Clinical Trial Finder

Inclusion Criteria:

1. Adult patients age > 18 years with biopsy-proven moderate to severe oral dysplasia or carcinoma in situ (CIS) and a visible lesion. Sites include all oral cavity as well as oropharyngeal dysplasia that is accessible in the outpatient clinic. 2. Histologically proven oral cavity or oropharyngeal moderate or severe dysplasia/CIS as diagnosed by standard pathological methods and a visible lesion on oral exam. 3. Measurable disease

• - minimum lesion size of 8 x 3 mm before initial biopsy.

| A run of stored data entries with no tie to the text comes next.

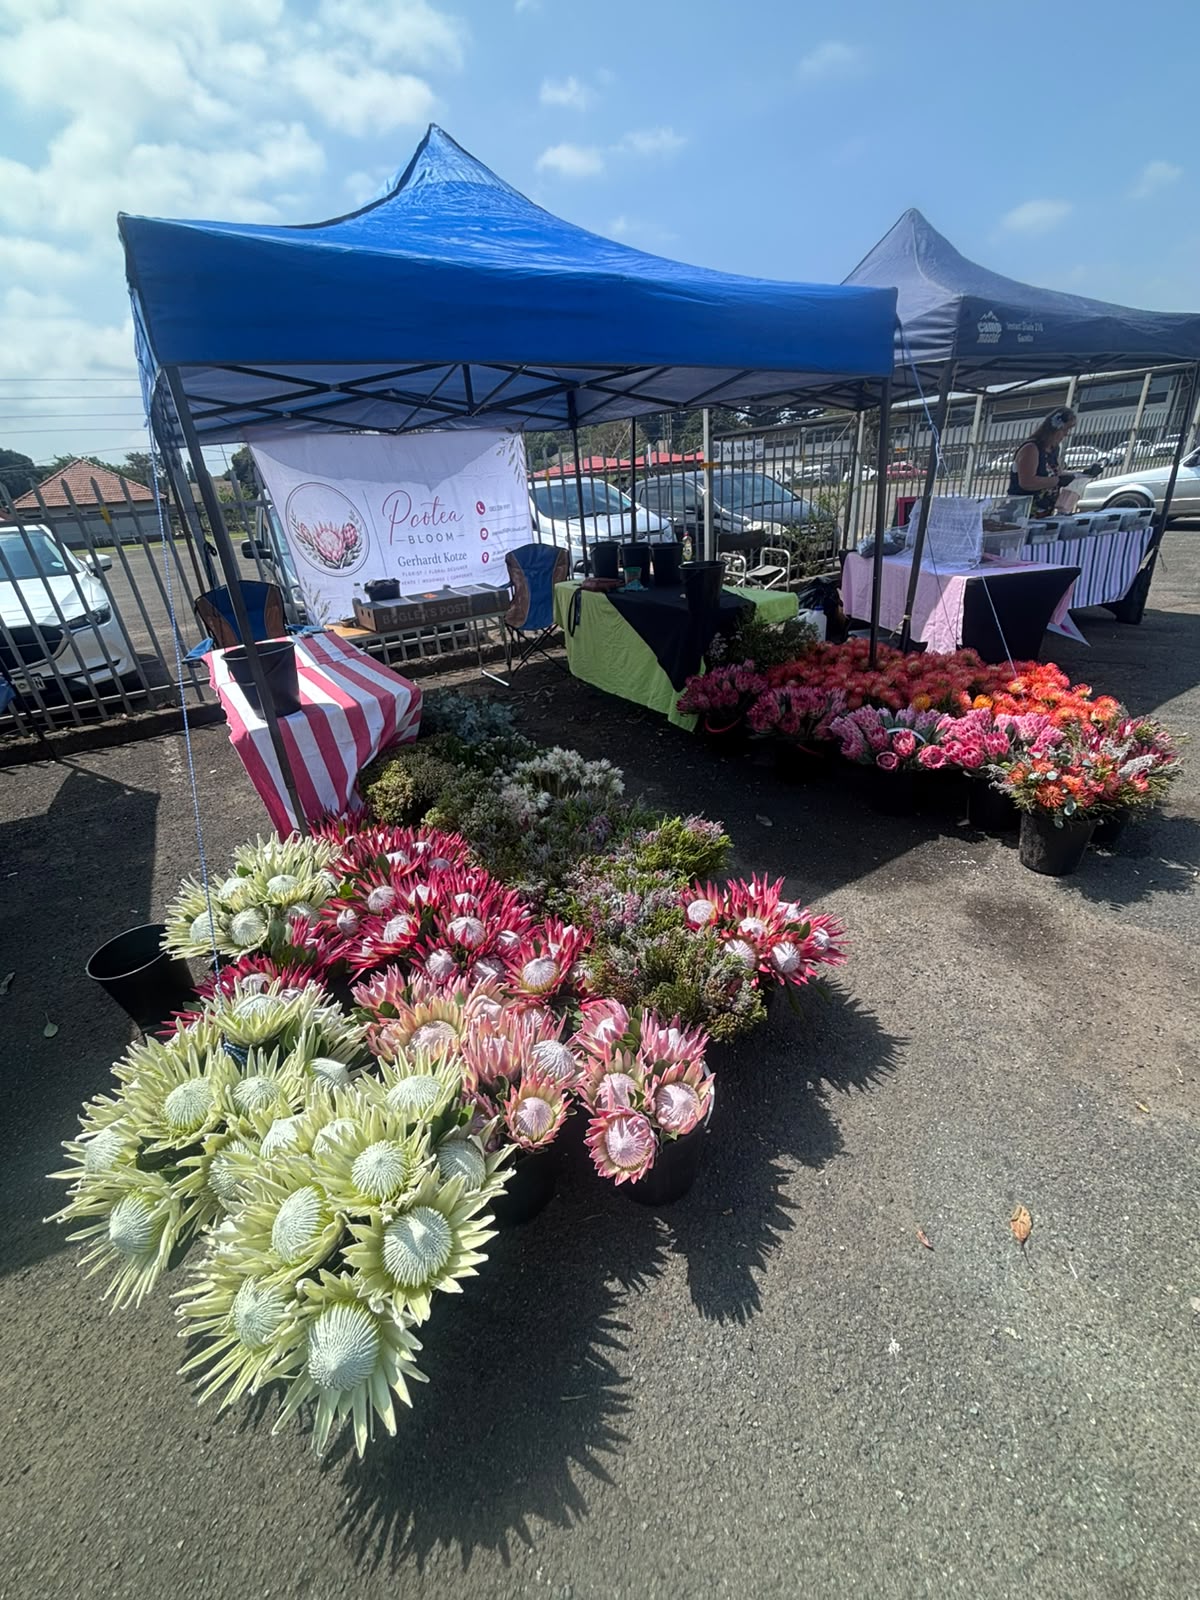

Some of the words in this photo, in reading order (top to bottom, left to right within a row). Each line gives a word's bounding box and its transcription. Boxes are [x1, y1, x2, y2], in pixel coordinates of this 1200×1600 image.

[408, 532, 454, 545] BLOOM
[397, 552, 442, 567] Gerhardt
[443, 551, 468, 564] Kotze
[440, 603, 467, 617] POST
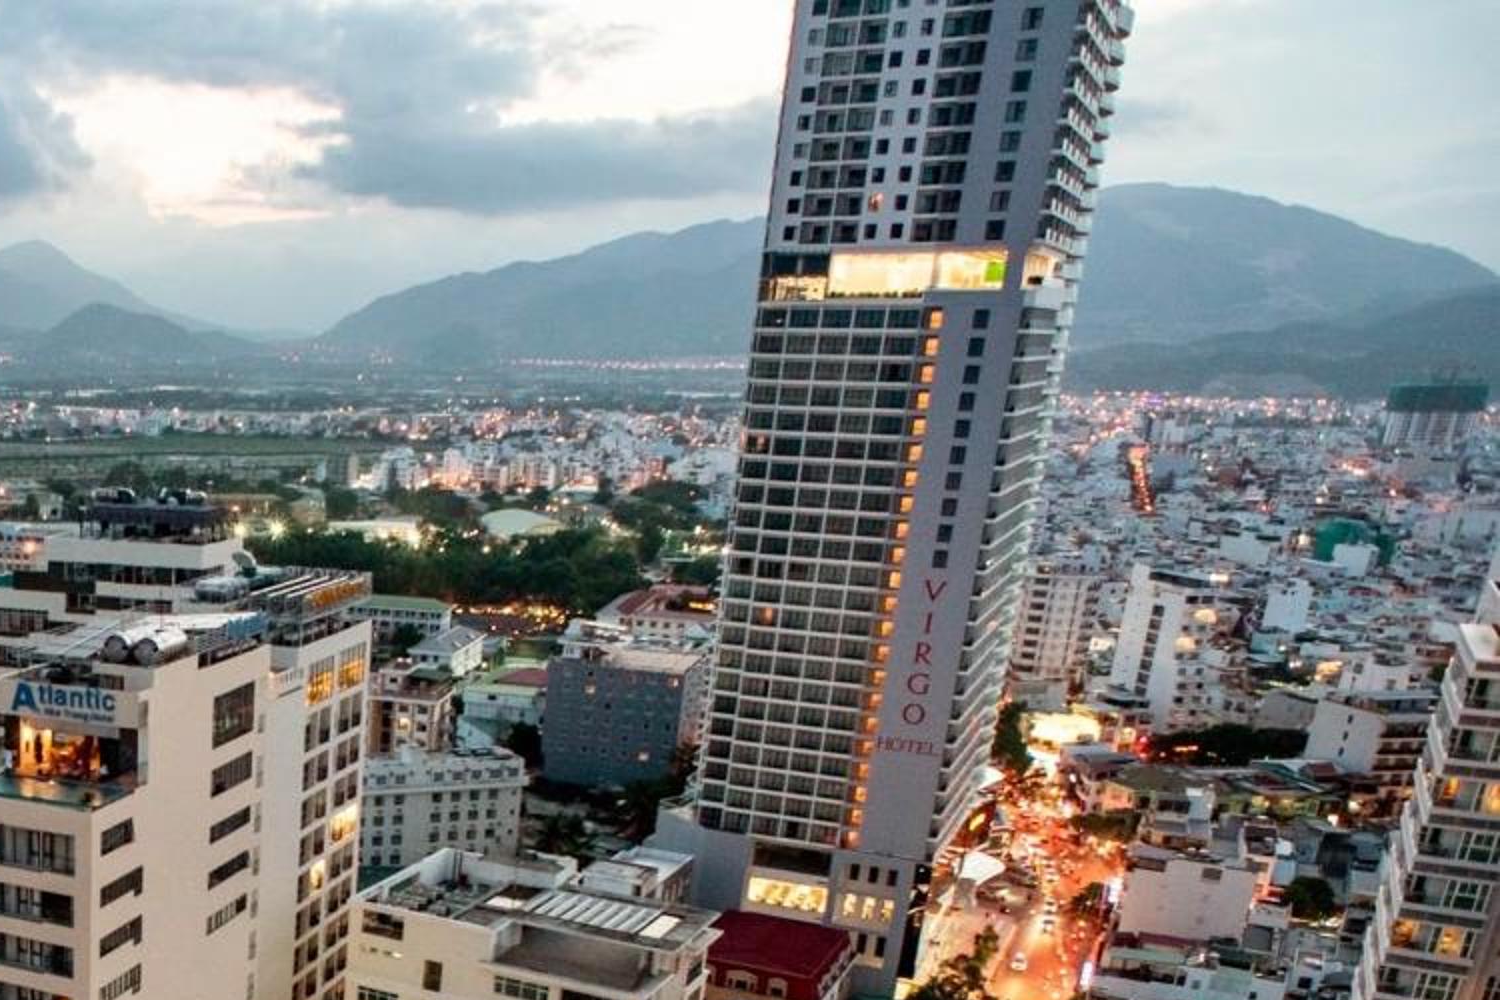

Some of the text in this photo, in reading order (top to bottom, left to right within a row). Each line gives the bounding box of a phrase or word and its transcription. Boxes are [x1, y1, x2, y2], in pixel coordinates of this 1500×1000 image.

[902, 578, 947, 726] VIRGO
[11, 682, 116, 711] Atlantic
[876, 735, 939, 756] HOTEL
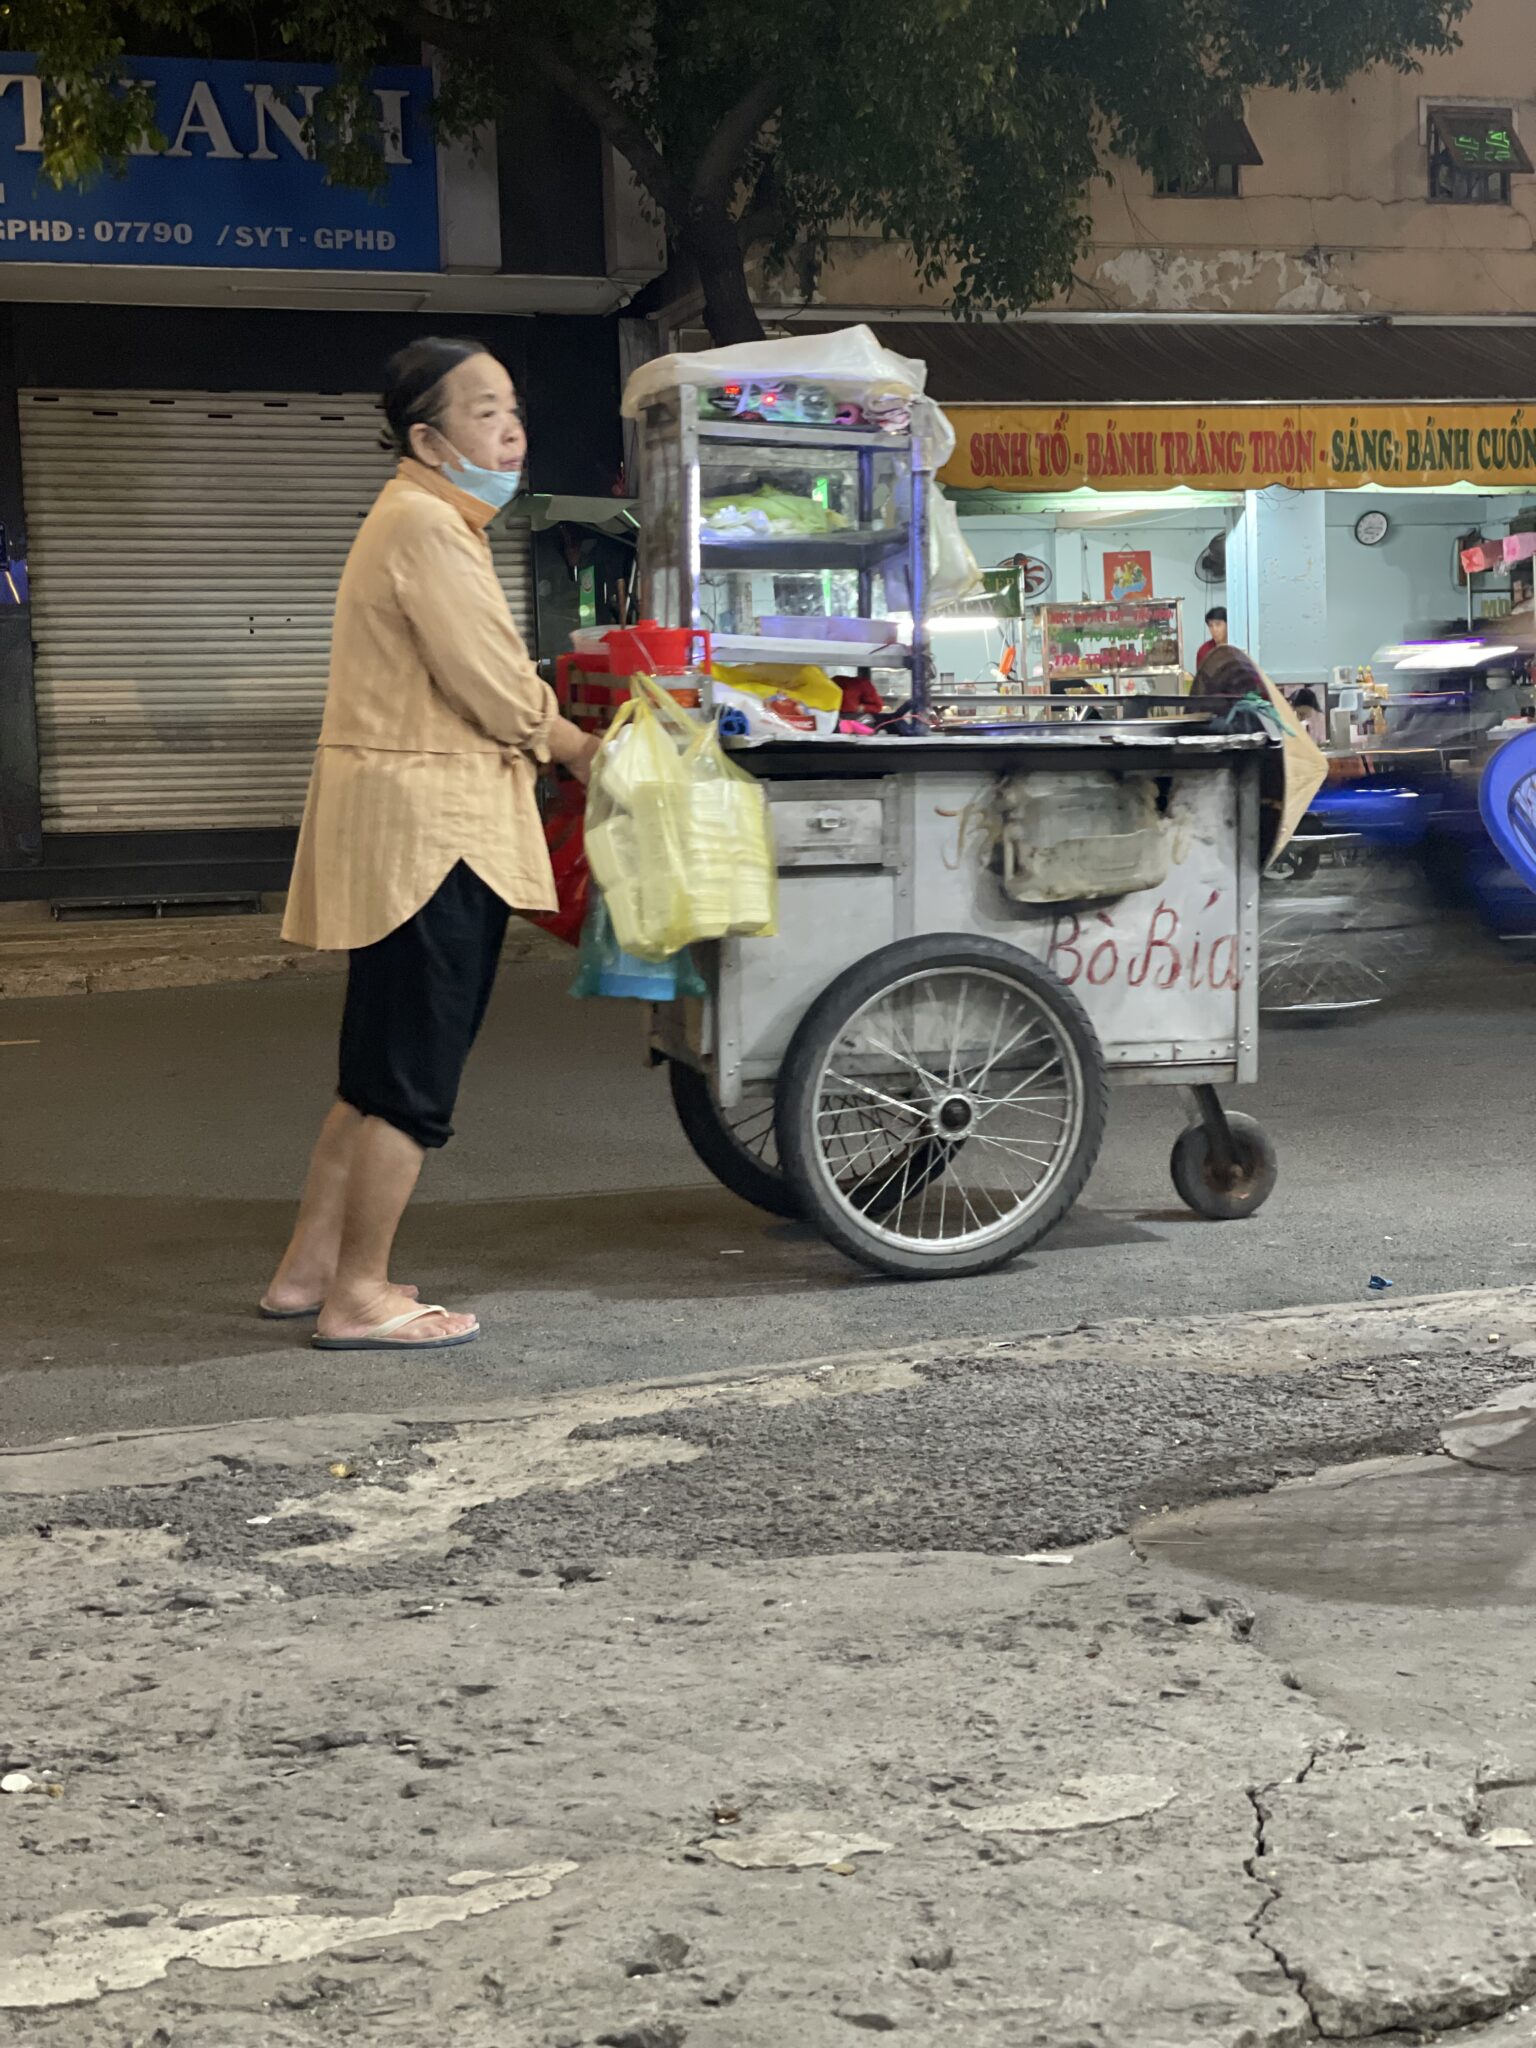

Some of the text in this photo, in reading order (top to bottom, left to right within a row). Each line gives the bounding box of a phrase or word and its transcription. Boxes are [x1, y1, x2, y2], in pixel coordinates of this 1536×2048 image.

[0, 74, 413, 164] TANH
[0, 219, 86, 242] PHĐ:
[94, 220, 193, 244] 07790
[313, 227, 396, 251] GPHĐ
[970, 431, 1031, 477] SINH
[1035, 411, 1069, 477] TỐ
[1086, 418, 1156, 477] BÁNH
[1160, 418, 1246, 477] TRÁNG
[1248, 416, 1315, 486] TRỘN
[1406, 415, 1472, 471] BÁNH
[1477, 408, 1536, 471] CUỐN
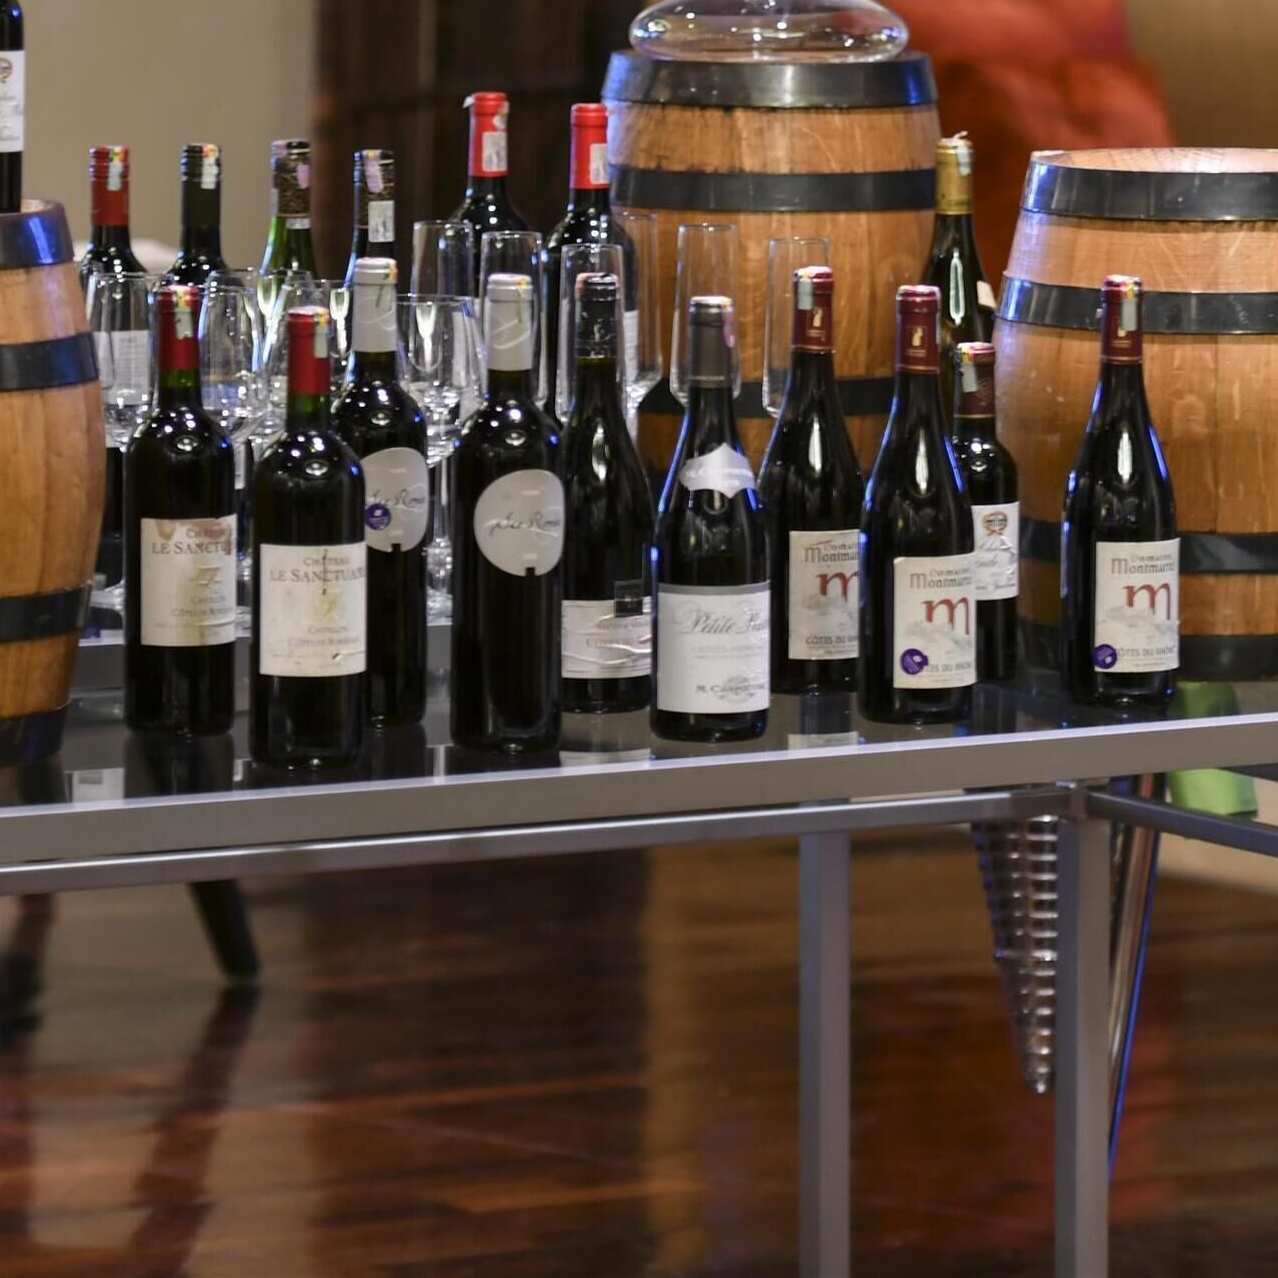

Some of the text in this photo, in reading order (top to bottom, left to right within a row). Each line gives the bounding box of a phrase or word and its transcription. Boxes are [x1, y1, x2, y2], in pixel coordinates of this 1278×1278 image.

4. Willing to provide blood, oral rinse and tissue from diagnostic biopsies. 5. Leukocytes >=3,000/microliter. 6. Absolute neutrophil count >= 1,000/microliter, Platelets >= 100,000/microliter, Total bilirubin =< 1.5 x institutional upper limit of normal (ULN), aspartate aminotransferase (AST), serum glutamic-oxaloacetic transaminase (SGOT), alanine aminotransferase (ALT) and serum glutamic pyruvic transaminase (SGPT) =< 1.5 x institutional upper limit of normal (ULN). Exceptions to this Inclusion Criteria can be made if labs are deemed not clinically significant by the principal investigator (PI). 7. Willing to use adequate contraception, subject or partner has had a vasectomy or partner is using effective birth control or is post-menopausal for the duration of the study. 8. Able to take oral medication. 9. Able to understand and the willingness to sign a written informed consent document.

Exclusion Criteria:

1. Pregnant women. 2. Subjects who have had surgery of the oral cavity, teeth, or gums within the previous 8 weeks excluding biopsies and tooth extractions. 3. Subjects who have had a fracture of the mandible or maxilla within the previous 8 weeks. 4. Inability to complete enrollment forms due to any mental status or language problems (e.g. dementia, head injury, overall illness). 5. History of prior head and neck squamous cell carcinomas (HNSCC) unless curatively treated 1 year or more prior. 6. Use of chemotherapy and/or radiation for any malignancy (excluding nonmelanoma skin cancer and cancer confined to organs with removal as only treatment) in the past 2 years. 7. Subjects with other related diseases or the oral cavity or oropharynx, as determined to be significant by the PI. 8. History of allergic reactions attributed to compounds of similar chemical composition to Curcumin (turmeric). 9. Active or chronic liver disease, evidence of hepatitis (infectious or autoimmune), cirrhosis or portal hypertension. Exceptions to this Exclusion Criteria can be made if patient status is deemed not clinically significant by the PI. 10. Severe thrombocytopenia increasing the risk of biopsy. 11. Uncontrolled intercurrent illness including, but not limited to, ongoing or active infection, uncontrolled congestive heart failure, unstable angina pectoris, uncontrolled cardiac arrhythmia, or psychiatric illness/social situations that would limit compliance with study requirements.

Arms

Experimental: APG-157 Therapy

Participants will receive APG-157 for up to 12 weeks.

Interventions

Drug: - APG-157

Participants will take 200mg (2 x 100mg pastilles) of APG-157 therapy orally (PO) three times daily during each 4-week cycle for up to three cycles. Cycle three is optional.